Onetti, che quando nel 1980 si vide assegnare il Premio Cervantes, maggior riconoscimento letterario in lingua spagnola, esordì nel suo discorso dichiarando di non saper parlare, «né bene, né male. Parlo male in privato, e parlo peggio in pubblico, ragione per cui sarebbe meglio per voi se non dicessi nulla», e concluse ringraziando la giuria per «questo delirio, perfino superiore al mio».
Onetti, che diceva gli scrittori dovessero mentire sempre.
Insomma, Onetti. Avrete intuito che potrei andare avanti a scriverne a lungo (a parlarne no, condividiamo la mancata eloquenza), eppure mi accorgo di avervi detto più dello scrittore, dell’uomo, che dei libri.
Forse perché tra i libri non so scegliere, o semplicemente preferisco lasciare la parola a chi sa raccontarli molto meglio di me: come fa Tommaso Pincio con Il cantiere, o Matteo Nucci con Gli addii, o Valeria Parrella con Il pozzo, o ancora Antonio Pascale con Per una tomba senza nome.
O forse perché i libri parlano benissimo per sé: che dirvi dei racconti di Triste come lei, per esempio, se non che vi basterà leggerne uno per volerne ancora? Qui trovate uno dei miei preferiti in assoluto, «Esbjerg, sulla costa».

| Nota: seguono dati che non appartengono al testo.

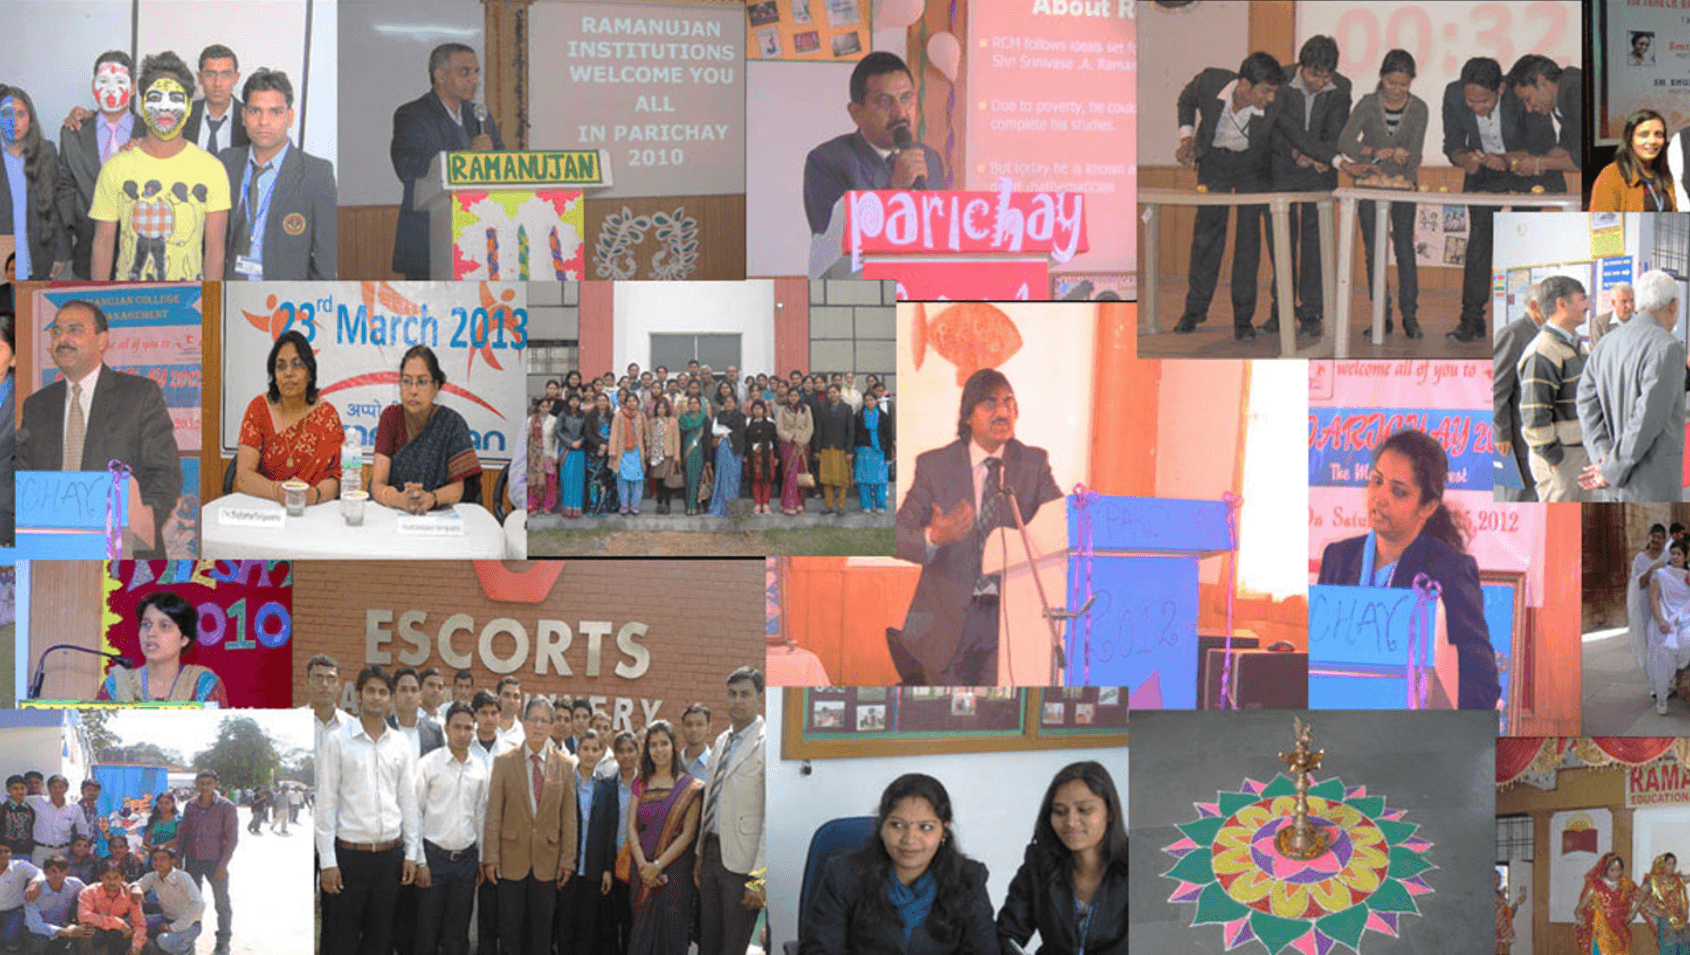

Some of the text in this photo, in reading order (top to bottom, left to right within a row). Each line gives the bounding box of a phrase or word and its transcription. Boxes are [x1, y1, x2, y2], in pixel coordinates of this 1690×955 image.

In questi giorni torno a Onetti, quindi, torno a dare uno sguardo al catalogo, penso a come organizzare le prossime pubblicazioni, attendo con gioia la nuova traduzione della Vita breve, a cui sta lavorando Gina Maneri, di prossima uscita. Ma soprattutto lo leggo e lo rileggo, e ogni volta ci trovo dentro cose nuove, ogni volta ci trovo nuove cose di me.
Magari oggi viene voglia anche a voi, e se fosse la prima volta e aveste ancora tutto questo mondo da scoprire, quanto vi invidierei.
A presto e buone letture,
giulia
p.s. Un’altra cosa bella che ho fatto in isolamento, a parte curare questa newsletter con i colleghi, è questa qui.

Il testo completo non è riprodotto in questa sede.